__SUPPLIED DATA__:
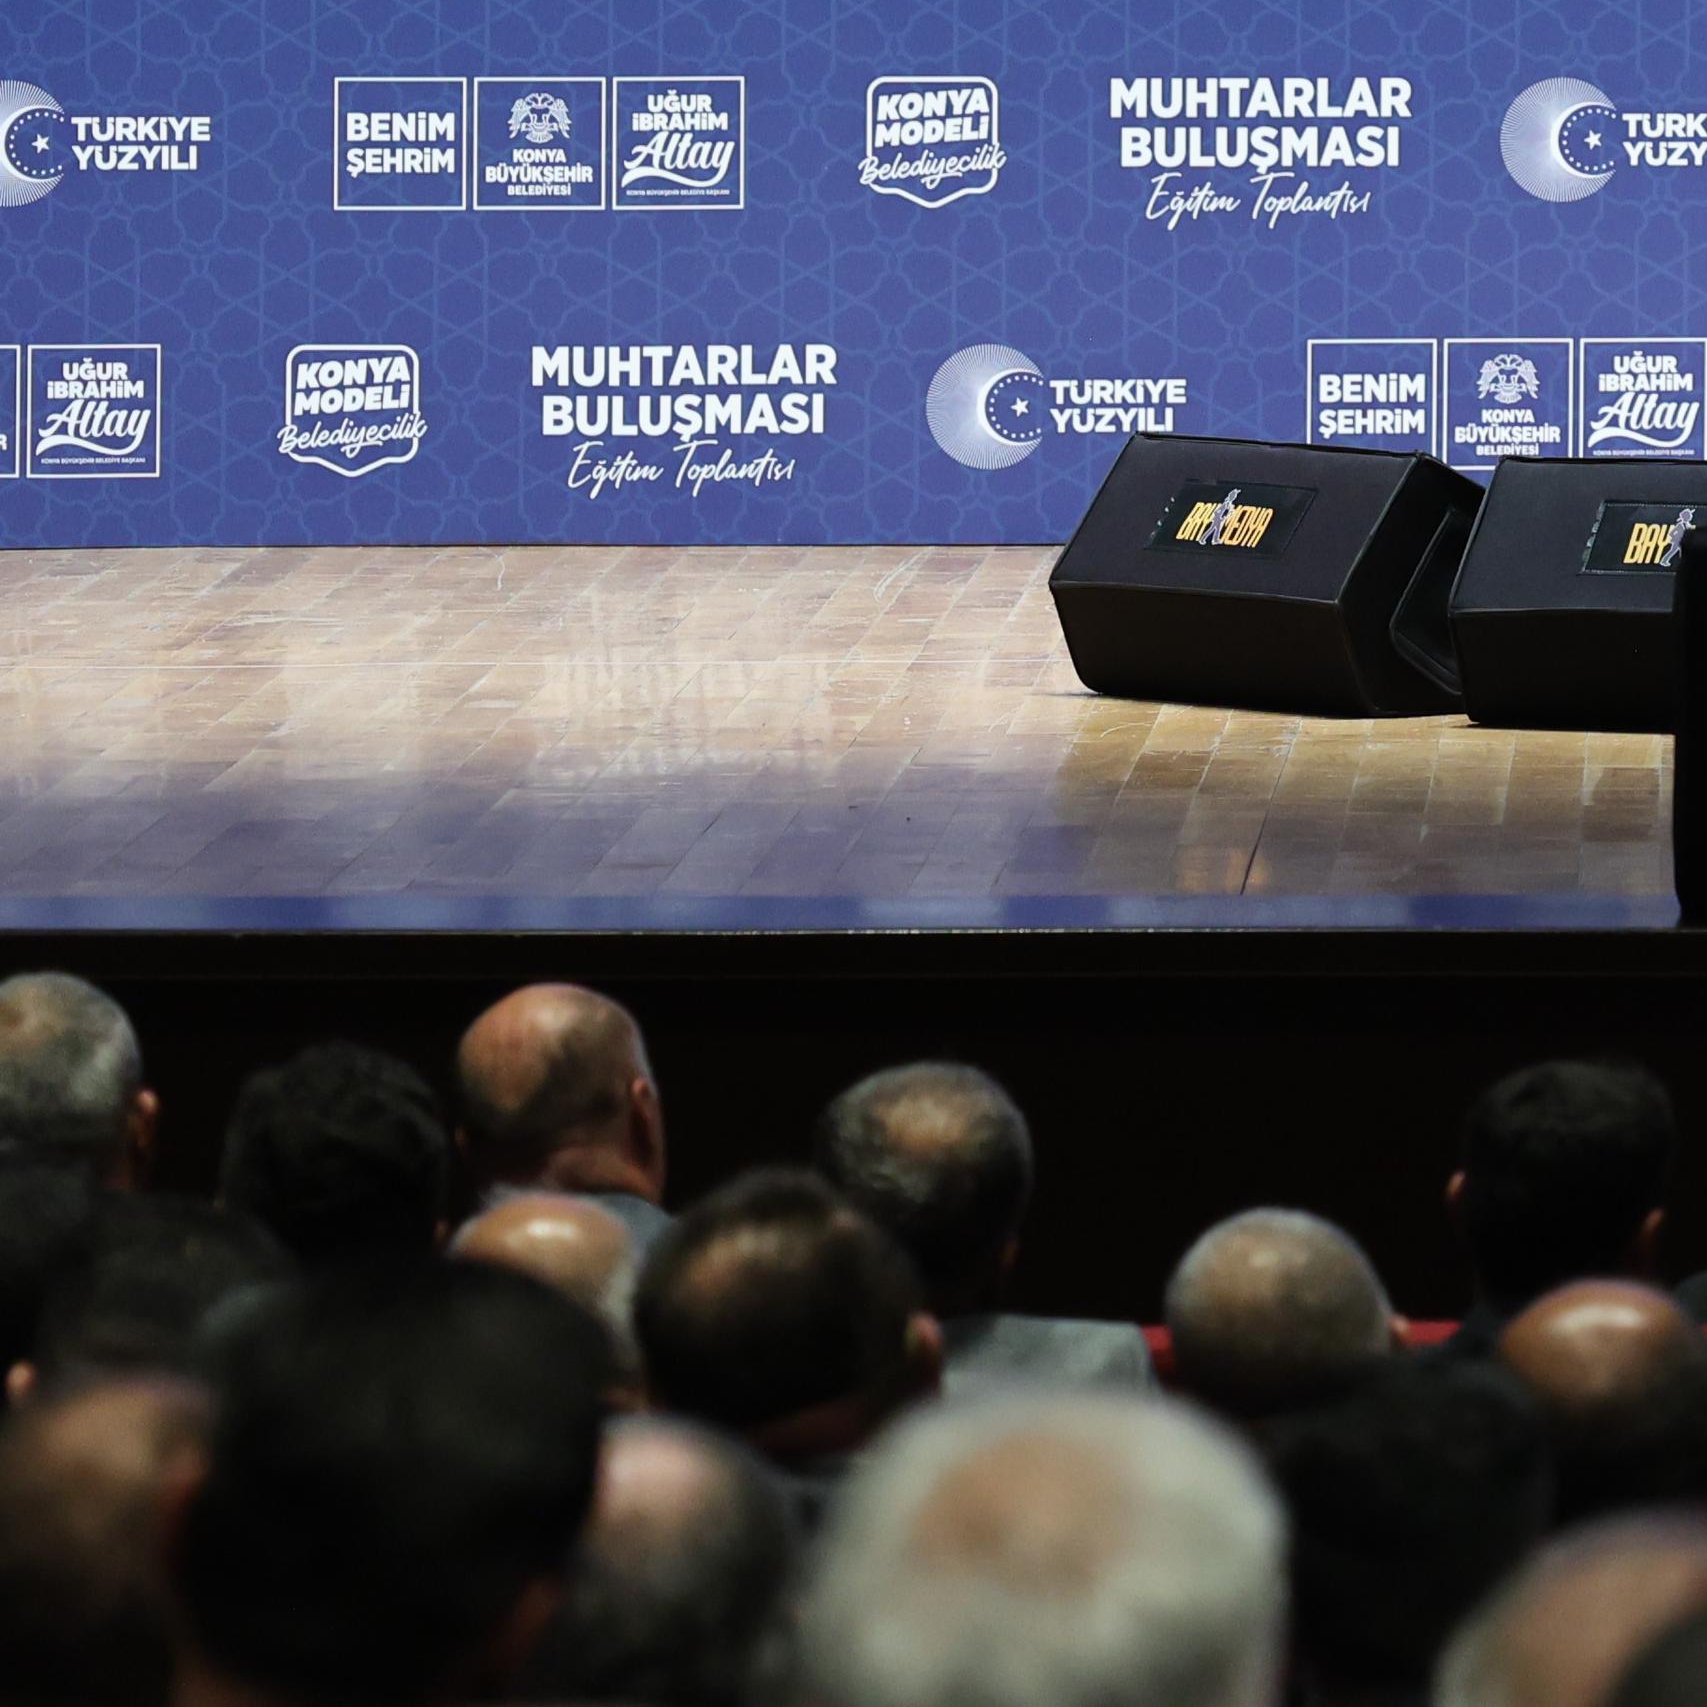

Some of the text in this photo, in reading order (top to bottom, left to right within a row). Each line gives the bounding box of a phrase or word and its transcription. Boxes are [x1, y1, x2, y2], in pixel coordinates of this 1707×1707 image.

[876, 88, 990, 121] KONYA
[1111, 78, 1411, 119] MUHTARLAR
[875, 116, 990, 148] MODELİ
[1122, 127, 1399, 175] BULUŞMASI
[859, 143, 1007, 191] Belediyecilik
[1147, 171, 1371, 230] Eğitim Toplantısı
[63, 357, 128, 381] UĞUR
[36, 399, 151, 456] Altay

__TRY IT__:
From the first line to the last, return the records exactly and leave the pictures behind.

__RESPONSE BELOW__:
Some of the text in this photo, in reading order (top to bottom, left to right within a row). Each line gives the bounding box of a phrase or word and its transcription. Boxes are [x1, y1, x2, y2], in pixel coordinates of this 1707×1707 image.

[876, 88, 990, 121] KONYA
[1111, 78, 1411, 119] MUHTARLAR
[875, 116, 990, 148] MODELİ
[1122, 127, 1399, 175] BULUŞMASI
[859, 143, 1007, 191] Belediyecilik
[1147, 171, 1371, 230] Eğitim Toplantısı
[63, 357, 128, 381] UĞUR
[36, 399, 151, 456] Altay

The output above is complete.